Cash management is a complex and costly process that involves taking deposits, counting, verifying, authenticating, securing, dispensing and balancing cash. Every business that handles cash comes up with its own unique system and methodology. Any time a human being touches cash there is a built-in level of inefficiency along with the potential for loss.
Today’s consumers are increasingly comfortable performing services for themselves that once were handled by a customer service representative — and for many of these savvy customers, a self-service option is now a prime differentiator.
Cash automation in the form of bill dispensers and cash recyclers are transforming the way banks and retailers manage cash. These tools also are helping businesses meet consumers’ growing demand for self-service options.

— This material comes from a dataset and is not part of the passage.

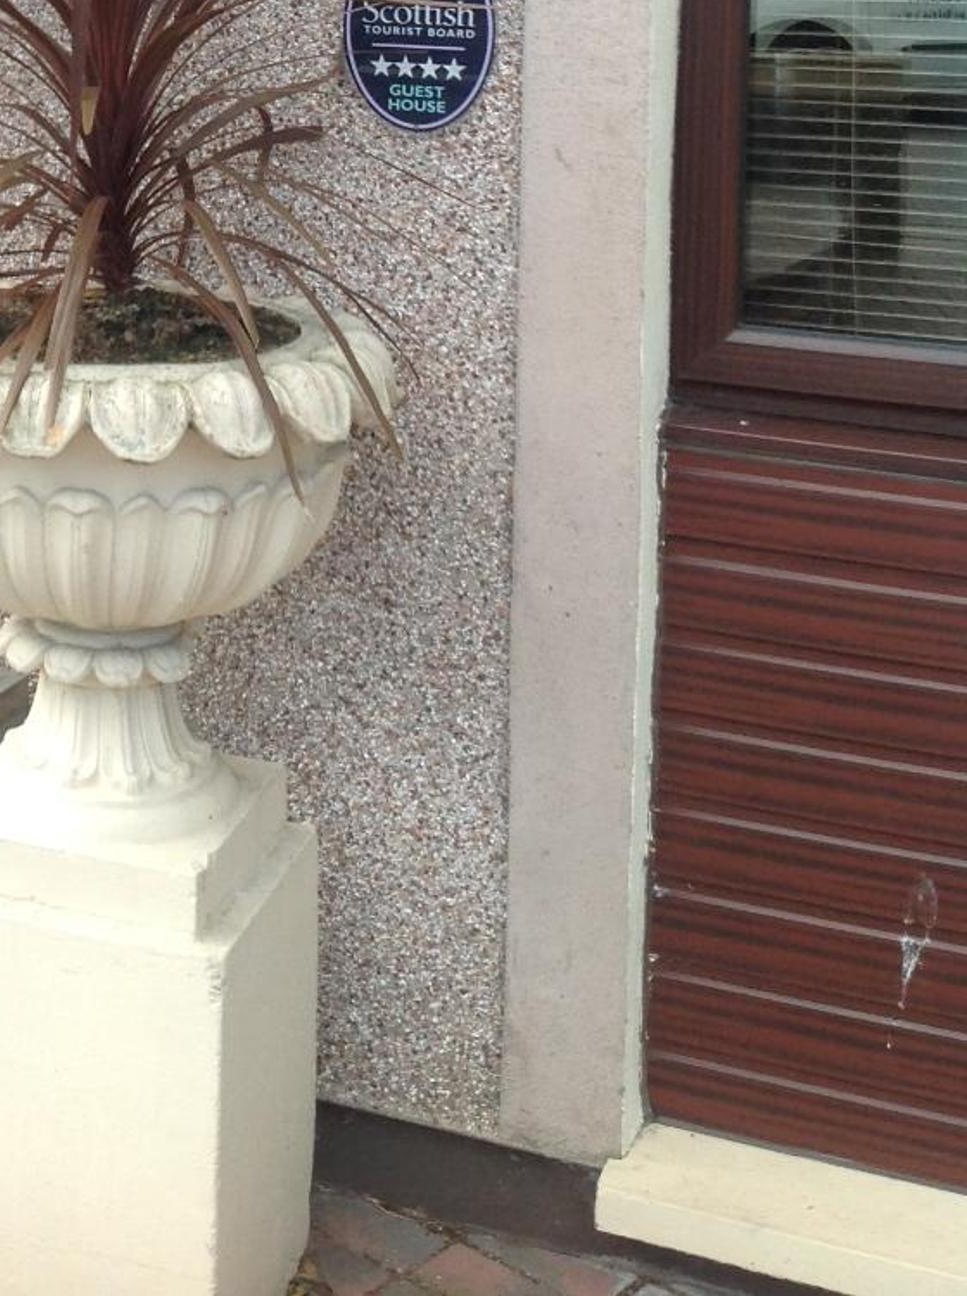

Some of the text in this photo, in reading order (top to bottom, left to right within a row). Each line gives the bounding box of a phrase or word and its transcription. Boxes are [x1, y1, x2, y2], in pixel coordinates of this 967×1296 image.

[362, 1, 476, 28] Scottish
[364, 25, 476, 39] TOURIST BOARD
[389, 84, 446, 98] GUEST
[387, 98, 447, 114] HOUSE

Choosing the right bill dispenser for your kiosk or self-service project depends upon a number of issues, from the number of transactions per day and total capacity, to the way notes are presented to the customer. Here are a few questions you will want to have answered before deciding to purchase a dispenser:
Front or Rear Access
Will you be servicing the dispenser from the front or rear of the kiosk?
Capacity for Individual Denominations
How many denominations do you want to include in the unit? How many transactions per day do you anticipate the unit will process? What will be the bill mix and what will be the average number of bills per transaction? How frequently do you want to load or touch the money inside the unit?

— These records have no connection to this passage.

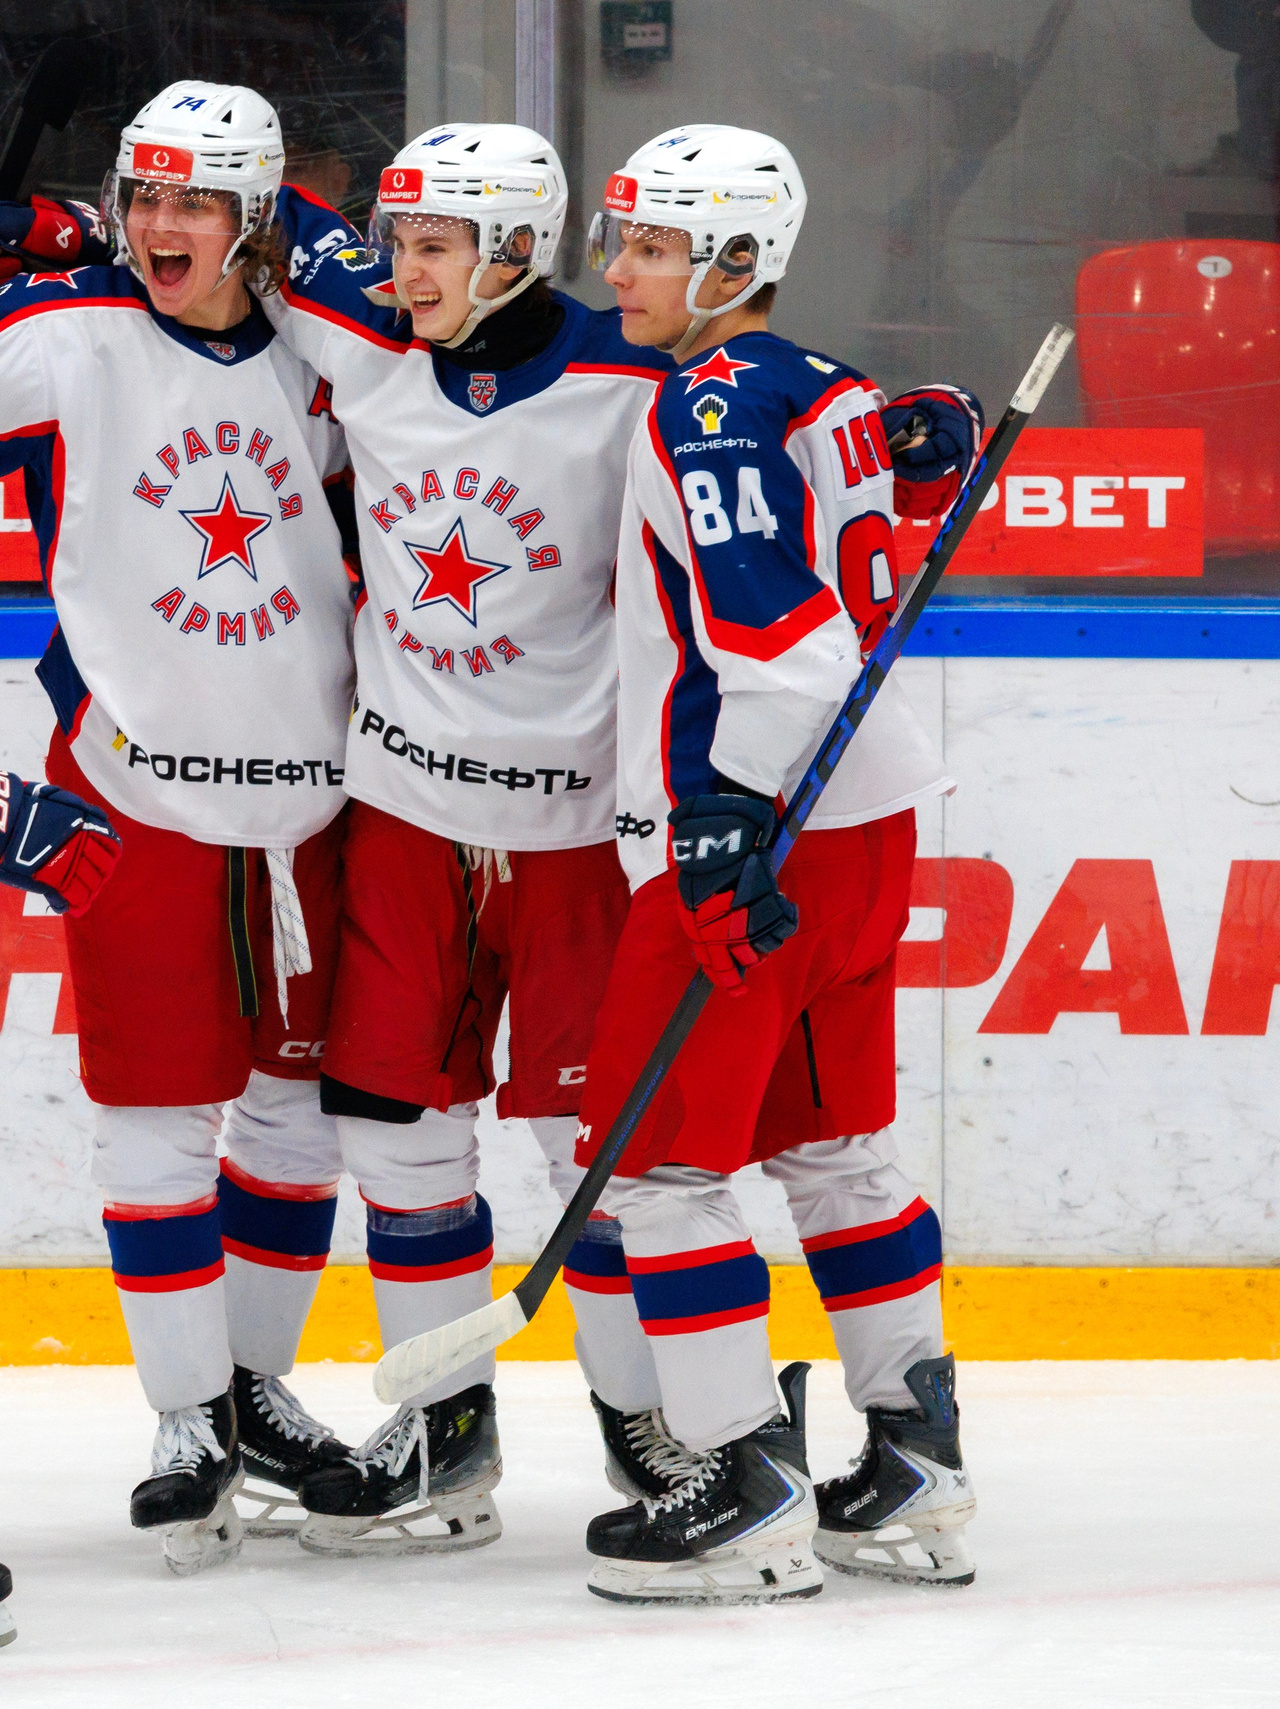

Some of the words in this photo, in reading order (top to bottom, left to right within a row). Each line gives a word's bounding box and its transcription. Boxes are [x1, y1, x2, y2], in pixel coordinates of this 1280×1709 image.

[172, 96, 208, 112] 74
[135, 167, 188, 180] OLIMPBET
[381, 191, 420, 200] OLIMPBET
[605, 196, 633, 209] OLIMPBET
[673, 437, 758, 457] РОСНЕФТЬ
[133, 421, 303, 520] КРАСНАЯ
[368, 466, 562, 572] КРАСНАЯ
[681, 466, 779, 547] 84
[152, 584, 301, 646] АРМИЯ
[384, 608, 525, 678] АРМИЯ
[360, 708, 592, 796] РОСНЕФТЬ
[844, 1489, 879, 1517] BAUER

Should notes be dispensed to the customer one at a time into a tray (as with a spray presenter) or should the notes be pooled internally and then presented as a packet (as with a bunch presenter)?

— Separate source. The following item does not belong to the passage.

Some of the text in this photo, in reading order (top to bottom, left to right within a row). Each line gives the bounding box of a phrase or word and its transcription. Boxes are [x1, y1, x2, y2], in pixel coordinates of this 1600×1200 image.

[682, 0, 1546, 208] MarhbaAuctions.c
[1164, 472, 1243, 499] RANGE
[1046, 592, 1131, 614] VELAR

What are your targets regarding service? Ongoing service issues also must be considered, like the cost of consumables and the number of service calls required for maintenance or repair
What are the physical constraints into which the unit needs to fit? How secure is the area where the unit will be deployed?
Front or Rear Access
Front or rear access refers to how the deployer intends to service the unit, including removing and replenishing cash and cash cassettes. Front access units typically are freestanding units that are deployed in lobbies or stores. Rear access units, such as through-the-wall ATMs, usually are integrated into a building during construction.
Front access is by far the more common of the two in the kiosk industry. Nine out of ten units are front access, largely because most devices are deployed in existing structures. But rear access offers greater security simply because all servicing takes place behind the scenes.With a front access unit, cash can be exposed every time a tech or armored car service needs to replenish or remove the cash. Deployers need to keep this point in mind as they decide how frequently they want to schedule maintenance and what capacity is appropriate for their type of business. If the self- service device is equipped with a high-capacity dispenser but draws a low transaction volume, then service requirements need not be daily, but might instead be weekly or even monthly. (Of course, this strategy brings its own hazards and challenges, such as the risk and cost of stocking too much cash.)
Capacity for Individual Denominations
Although the unit’s footprint is one of the over-riding concerns when it comes to which dispenser to purchase, the number of denominations per transaction and the number of transactions per day play an important role. If the device is a remote deployed, self-service device, then it would be wise to incorporate a bill dispenser with a large capacity. However, if the device doesn’t generate a significant number of customer transactions, or if a large number of those transactions don’t involve the movement of cash, a smaller capacity dispenser might be more appropriate.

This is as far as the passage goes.